Nothing but the images should be left out when the entries are restated word for word.
(Records for the task begins)
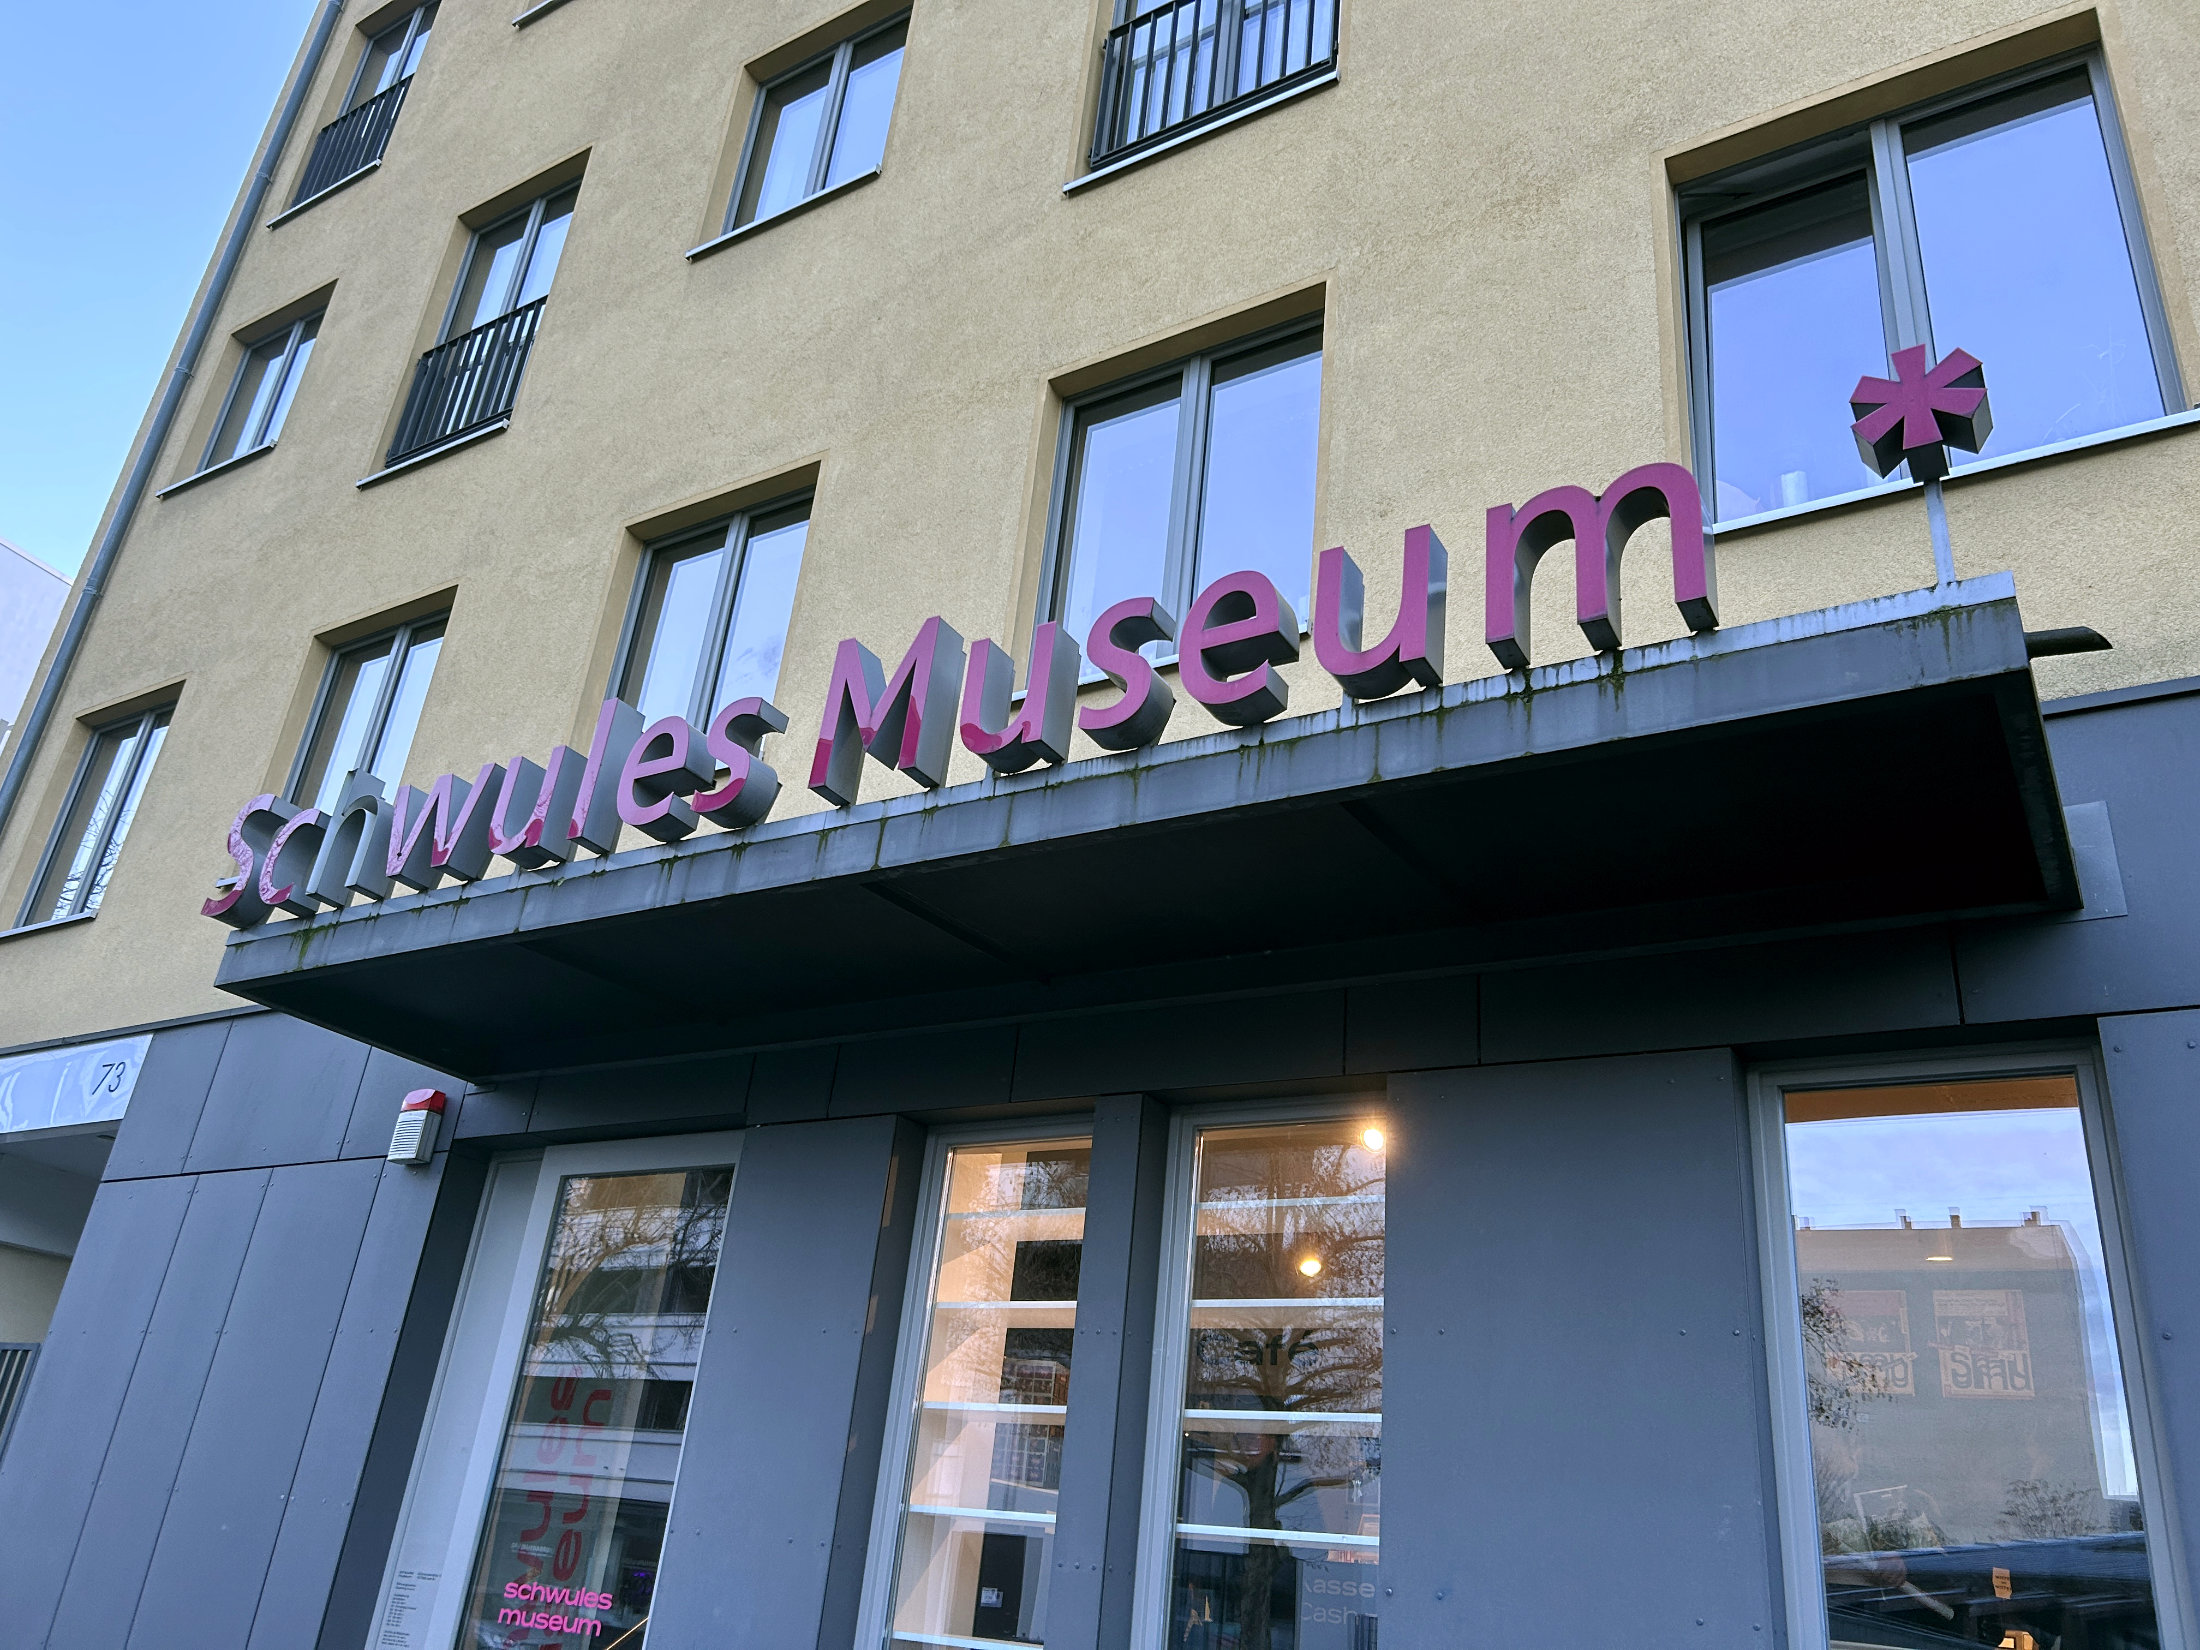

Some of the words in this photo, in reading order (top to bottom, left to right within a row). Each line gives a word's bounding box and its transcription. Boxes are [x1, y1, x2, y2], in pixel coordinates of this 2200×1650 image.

[201, 697, 786, 927] Schwules
[808, 462, 1720, 806] Museum
[91, 1061, 126, 1096] 73
[503, 1581, 614, 1612] schwules
[497, 1607, 602, 1637] museum
(Records for the task ends)
Answer to this task
Some of the words in this photo, in reading order (top to bottom, left to right within a row). Each line gives a word's bounding box and its transcription. Boxes are [x1, y1, x2, y2], in pixel coordinates of this 2200×1650 image.

[201, 697, 786, 927] Schwules
[808, 462, 1720, 806] Museum
[91, 1061, 126, 1096] 73
[503, 1581, 614, 1612] schwules
[497, 1607, 602, 1637] museum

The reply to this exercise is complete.